» **TRY IT**
Quote all of the data exactly as given. Skip every picture it contains.

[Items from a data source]

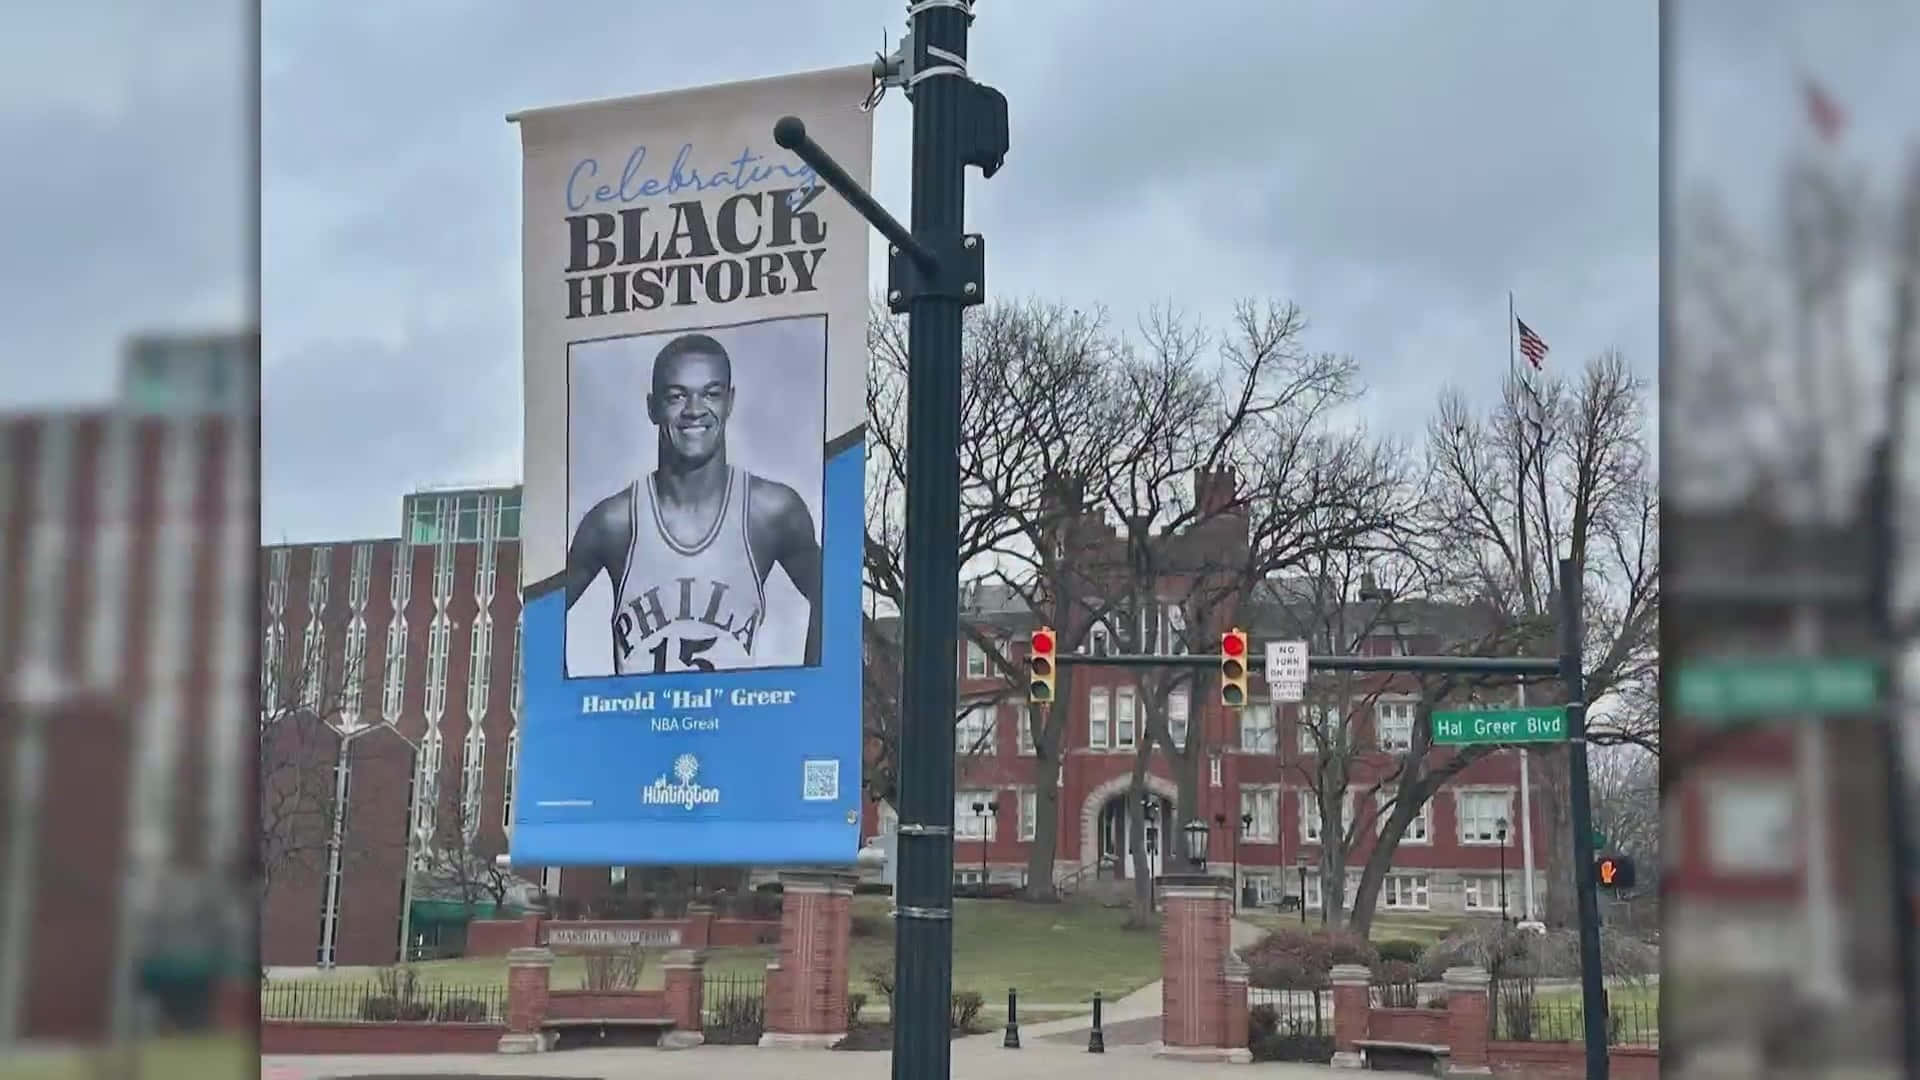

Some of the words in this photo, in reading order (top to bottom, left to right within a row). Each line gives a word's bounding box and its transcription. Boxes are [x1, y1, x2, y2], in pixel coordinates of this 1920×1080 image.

[566, 144, 817, 211] Celebrating
[564, 185, 827, 273] BLACK
[565, 249, 826, 319] HISTORY
[614, 578, 760, 659] PHILA
[649, 637, 717, 672] 15
[1276, 656, 1299, 666] TURN
[1271, 669, 1283, 677] ON
[582, 691, 655, 713] Harold
[731, 688, 796, 706] Greer
[651, 717, 679, 731] NBA
[682, 717, 719, 730] Great
[1438, 720, 1462, 736] Hal
[1474, 719, 1517, 735] Greer
[1527, 717, 1561, 733] Blvd
[643, 784, 719, 810] Huntington

» **EXPECTED ANSWER**
Some of the words in this photo, in reading order (top to bottom, left to right within a row). Each line gives a word's bounding box and its transcription. Boxes are [x1, y1, x2, y2], in pixel coordinates of this 1920×1080 image.

[566, 144, 817, 211] Celebrating
[564, 185, 827, 273] BLACK
[565, 249, 826, 319] HISTORY
[614, 578, 760, 659] PHILA
[649, 637, 717, 672] 15
[1276, 656, 1299, 666] TURN
[1271, 669, 1283, 677] ON
[582, 691, 655, 713] Harold
[731, 688, 796, 706] Greer
[651, 717, 679, 731] NBA
[682, 717, 719, 730] Great
[1438, 720, 1462, 736] Hal
[1474, 719, 1517, 735] Greer
[1527, 717, 1561, 733] Blvd
[643, 784, 719, 810] Huntington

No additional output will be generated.